Friday, May 21, 2010

Son of Hamas

Some of you may have seen the ubiquitous "Son of Hamas," Mosab Hassan Yousef, interviewed on TV. With his large sad eyes and earnest demenour he tells an incredible, all but unbelievable, story. He is the eldest son of one of the founders of Hamas, Sheikh Hassan Yousef. He was arrested by the Israeli security service, the Shin Bet, for whom he claims to have become an agent dubbed "The Green Prince," and to have provided information on many of his Hamas friends and colleagues, and who eventually converted to Christianity (itself a capital offense in Islam) and who now lives in the USA. I read the account of his "adventure" and I have to admit that I hardly found it credible.

It is well known that Israel has been highly successful in obtaining information on Palestinian terrorists, otherwise how could they make such precise targeted "hits" of individuals who are driving in cars in the midst of narrow alleys, or are caught hiding in "safe" houses. How or why other Palestinians give information on these terrorists is unclear, but they do. Either it is for money, given the hard times and little work that is available in the territories, or it is political, Fatah ratting out Hamas, or it is conviction, a visceral opposition to terrorism itself.

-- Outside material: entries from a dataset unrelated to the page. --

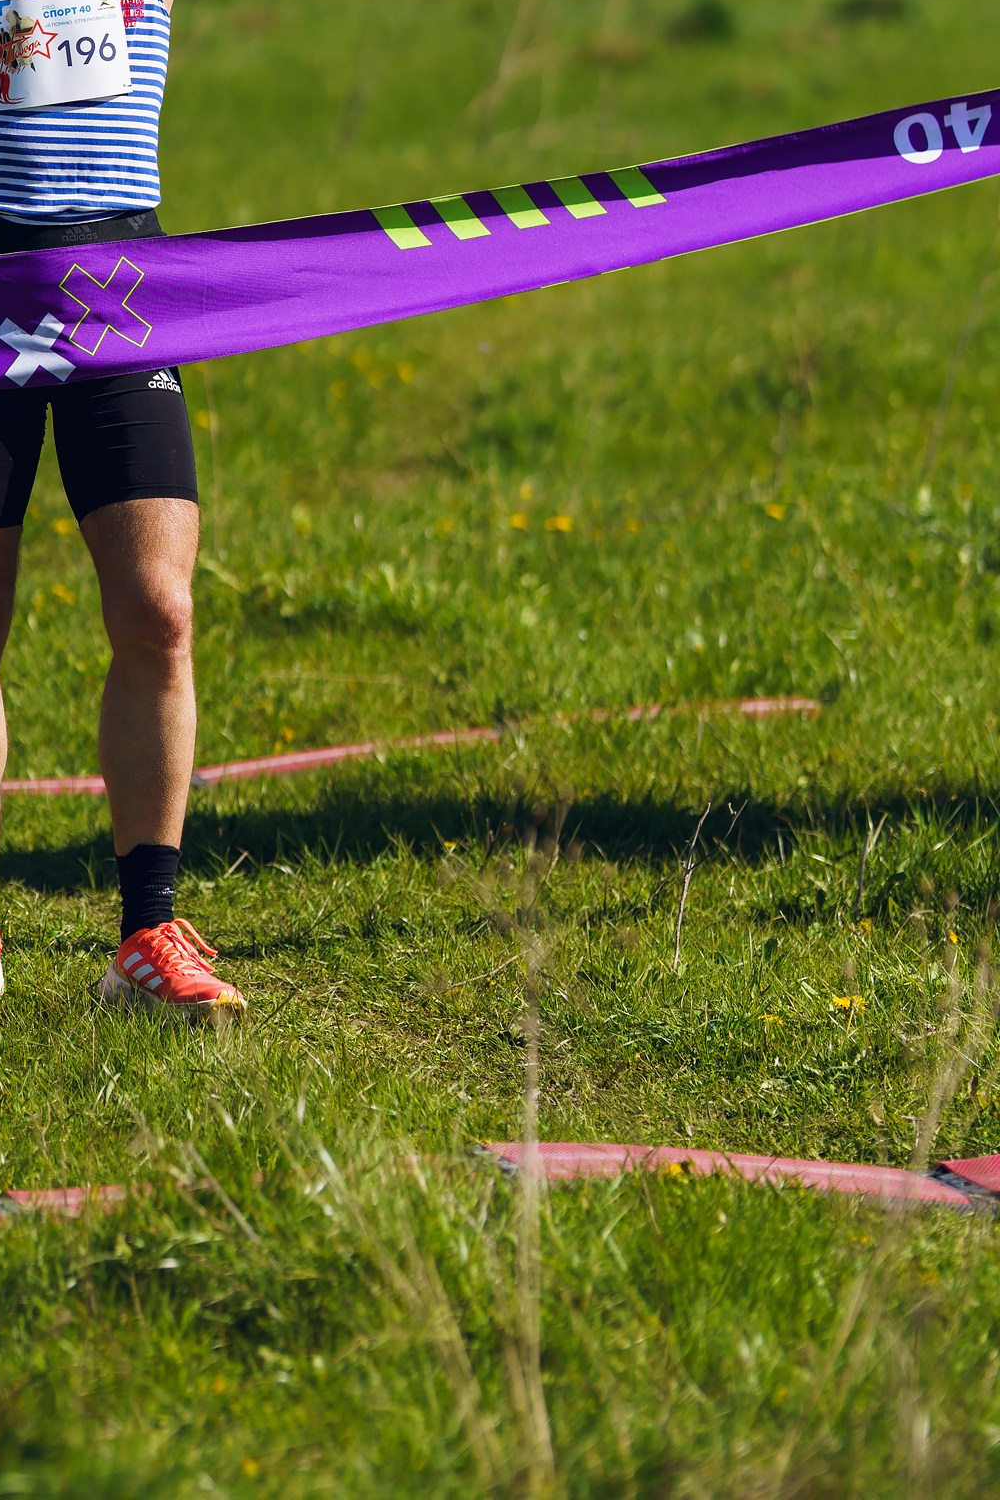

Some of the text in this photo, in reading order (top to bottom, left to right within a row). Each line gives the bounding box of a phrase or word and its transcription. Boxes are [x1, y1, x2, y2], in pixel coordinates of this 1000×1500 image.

[43, 6, 78, 19] СПОРТ
[79, 4, 92, 14] 40
[57, 33, 117, 67] 196
[893, 101, 993, 165] 40
[61, 231, 98, 242] adidas
[148, 378, 181, 393] adidas
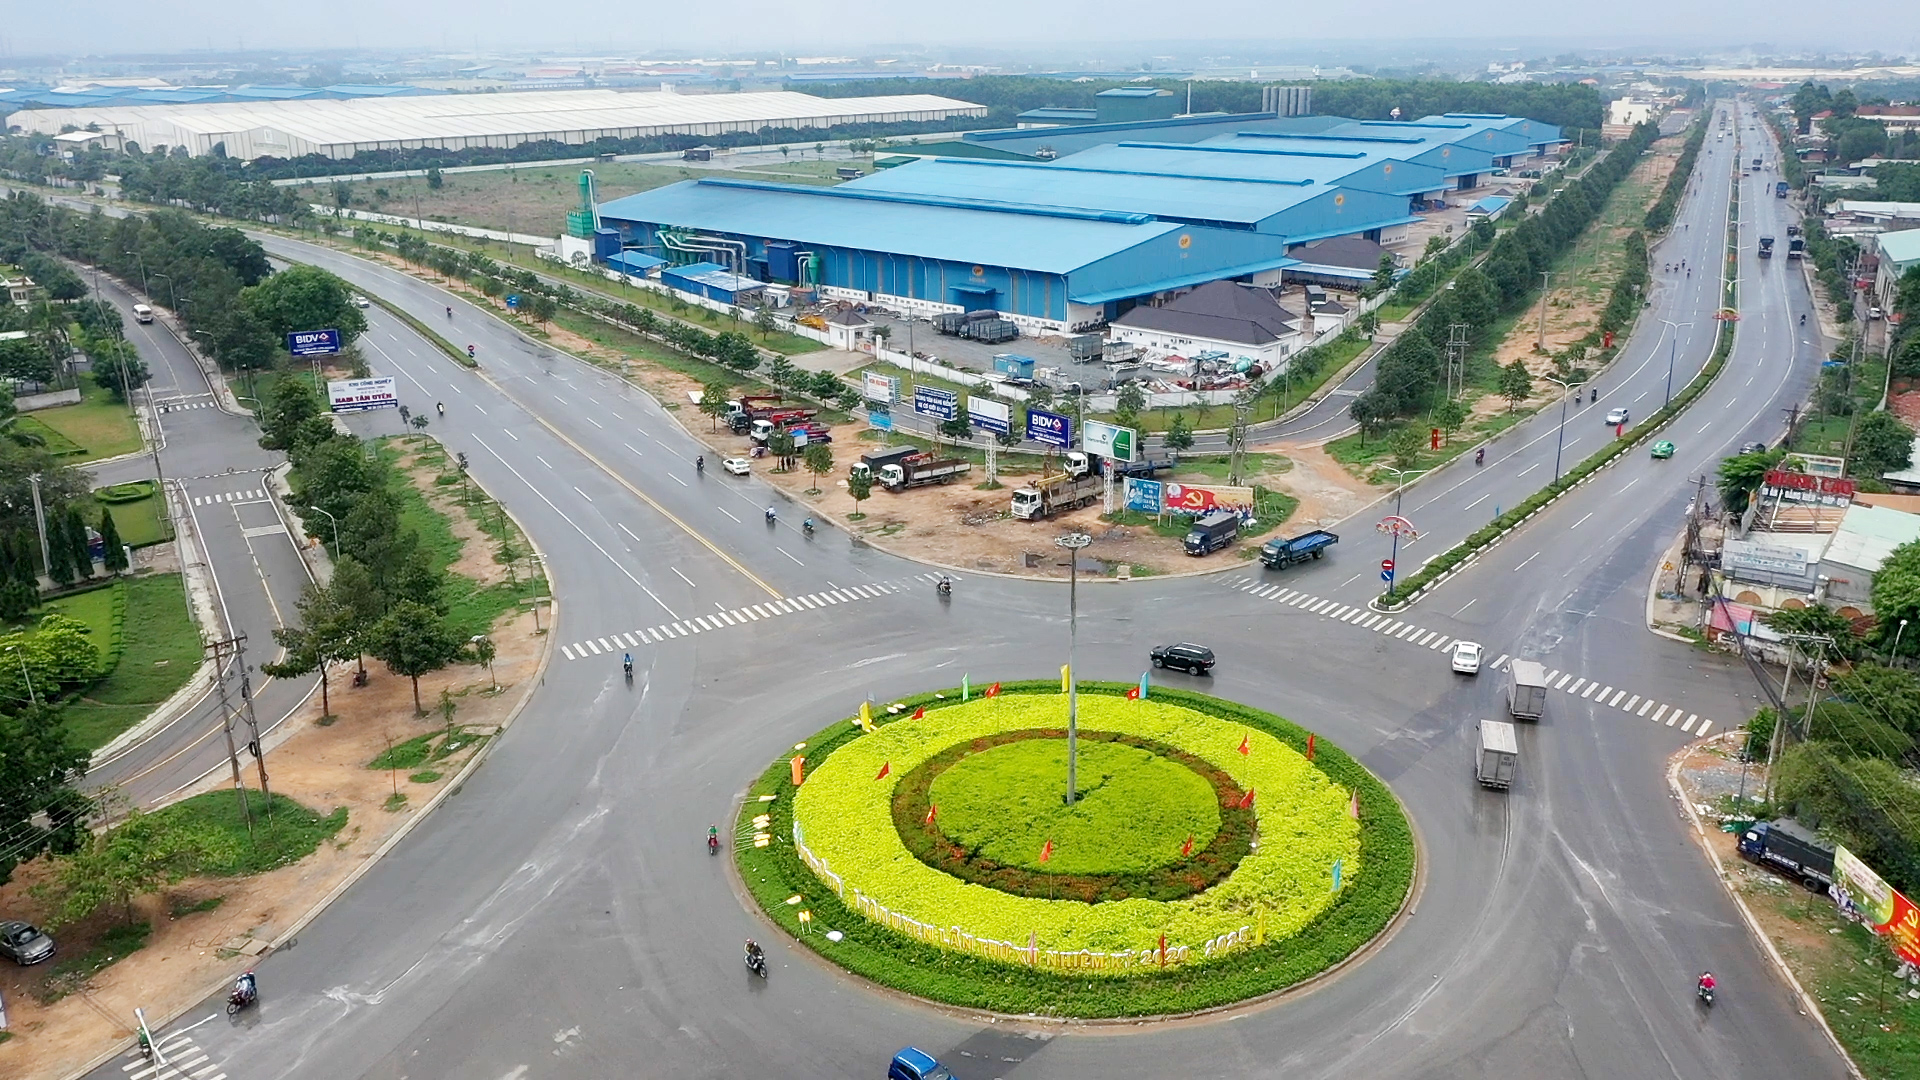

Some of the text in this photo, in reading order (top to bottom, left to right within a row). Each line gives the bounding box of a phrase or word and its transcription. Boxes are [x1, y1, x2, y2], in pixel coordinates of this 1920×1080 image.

[295, 333, 319, 344] BIDV
[1032, 414, 1053, 428] BIDV
[1140, 945, 1190, 966] 2020

The reasons Yousef became an Israeli agent are not always clear, but he started out doing it supposedly to protect his beloved father and his friends from being assassinated by the IDF. He rationalizes that by helping the Shin Bet to identify and find their targets and arrest them, rather than having them blown up by a missile through their car window or house, he is doing God's work. This seems to me to be self-deception, since of course the Shin Bet would rather arrest than kill their targets, so as to get as much information as possible from them.

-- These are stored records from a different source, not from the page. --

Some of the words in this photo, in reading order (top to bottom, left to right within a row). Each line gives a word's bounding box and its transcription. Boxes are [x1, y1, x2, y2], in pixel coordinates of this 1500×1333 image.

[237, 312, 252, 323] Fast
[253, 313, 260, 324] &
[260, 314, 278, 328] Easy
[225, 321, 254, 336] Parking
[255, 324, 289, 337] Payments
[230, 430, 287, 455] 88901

Although the circumstances of a teenager arrested and brutalized by Israeli captors and then given preferential treatment because of his father's importance, and who then fell into an easy relationship with his Israeli handler, can be persuasive, some things grate. For example, for much of the book he talks about the Israeli actions that he is involved in as "we" did this and "we" did that. His identification with the actions of the Israeli security forces seems overstated, and his analysis of the situation on the ground seems too detailed and pro-Israel to be taken at face value. About half-way through this account I began to experience bouts of severe incredulity. Although he had a special position as his father's assistant, he credits himself at some points as basically being in control of all Hamas actions in all the territories. This is unacceptable. In contradiction he also claims that the real people running the Hamas terrorism campaign during the intifada were shadowy figures who were also unknown to him. At the same time as all his activities with the Shin Bet he was also regularly attending a Bible Class with a mixed group of Christians, Muslims and Jews, and yet he was never detected by Hamas security doing this. Sorry, I couldn't swallow it. Nevertheless, it makes for an exciting yarn, and will make a great movie. If true, it proves one thing, that you can never tell what is going on the mind of any man and the motivation of an apparently dedicated extremist can be far different than one thinks possible.